Work item –
In duplicating the lines below, keep every word unchanged and drop the pictures.

Data for review –
□ □ □ □ □ □ □
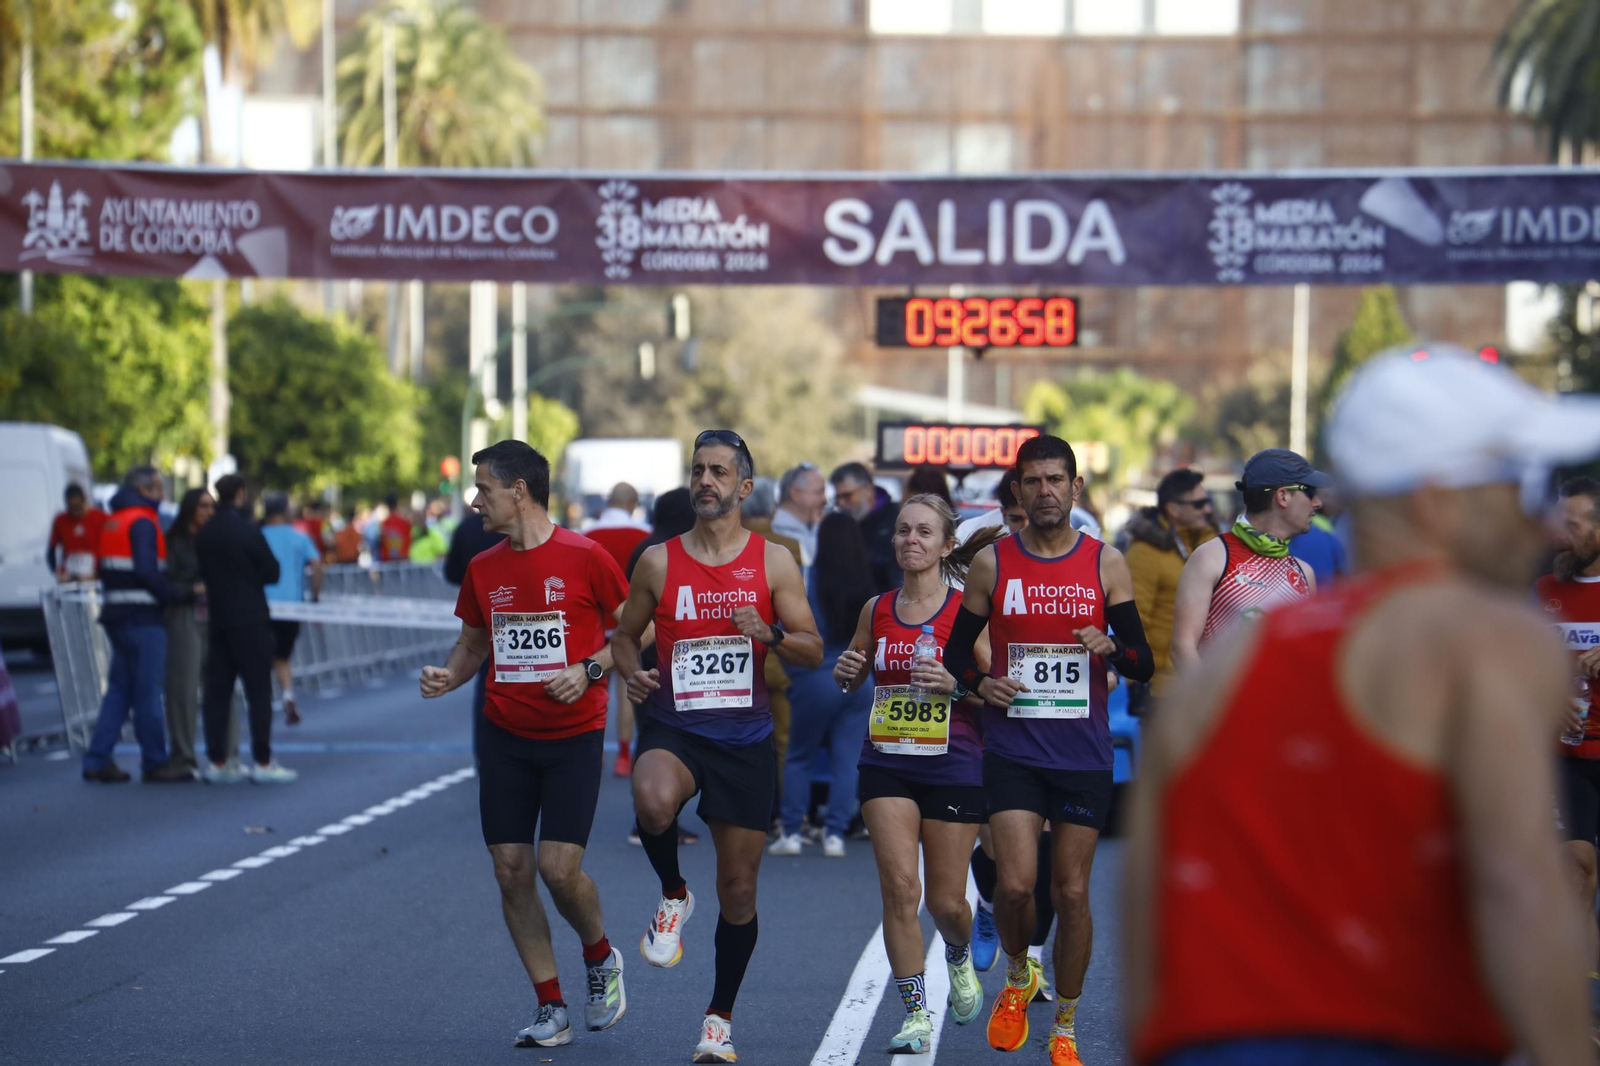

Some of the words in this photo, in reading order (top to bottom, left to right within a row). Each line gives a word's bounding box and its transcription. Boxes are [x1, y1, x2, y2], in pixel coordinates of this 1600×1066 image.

[99, 198, 261, 228] AYUNTAMIENTO
[641, 197, 721, 223] MEDIA
[1254, 200, 1335, 224] MEDIA
[100, 224, 126, 250] DE
[383, 204, 560, 244] IMDECO
[595, 214, 641, 250] 38
[641, 214, 770, 249] MARATÓN
[822, 198, 1127, 266] SALIDA
[1207, 217, 1254, 253] 38
[1253, 215, 1387, 250] MARATÓN
[724, 250, 769, 272] 2024
[1340, 253, 1385, 274] 2024
[905, 298, 1074, 347] 092658
[675, 585, 757, 620] Antorcha
[1003, 578, 1096, 615] Antorcha
[494, 614, 507, 628] 38
[508, 628, 562, 650] 3266
[674, 642, 690, 655] 38
[690, 652, 750, 675] 3267
[1010, 646, 1025, 659] 38
[1034, 661, 1080, 684] 815
[877, 688, 891, 700] 38
[888, 700, 947, 723] 5983
□ □ □ □ □ □ □
Exercise result –
Some of the words in this photo, in reading order (top to bottom, left to right within a row). Each line gives a word's bounding box and its transcription. Boxes are [x1, y1, x2, y2], in pixel coordinates of this 1600×1066 image.

[99, 198, 261, 228] AYUNTAMIENTO
[641, 197, 721, 223] MEDIA
[1254, 200, 1335, 224] MEDIA
[100, 224, 126, 250] DE
[383, 204, 560, 244] IMDECO
[595, 214, 641, 250] 38
[641, 214, 770, 249] MARATÓN
[822, 198, 1127, 266] SALIDA
[1207, 217, 1254, 253] 38
[1253, 215, 1387, 250] MARATÓN
[724, 250, 769, 272] 2024
[1340, 253, 1385, 274] 2024
[905, 298, 1074, 347] 092658
[675, 585, 757, 620] Antorcha
[1003, 578, 1096, 615] Antorcha
[494, 614, 507, 628] 38
[508, 628, 562, 650] 3266
[674, 642, 690, 655] 38
[690, 652, 750, 675] 3267
[1010, 646, 1025, 659] 38
[1034, 661, 1080, 684] 815
[877, 688, 891, 700] 38
[888, 700, 947, 723] 5983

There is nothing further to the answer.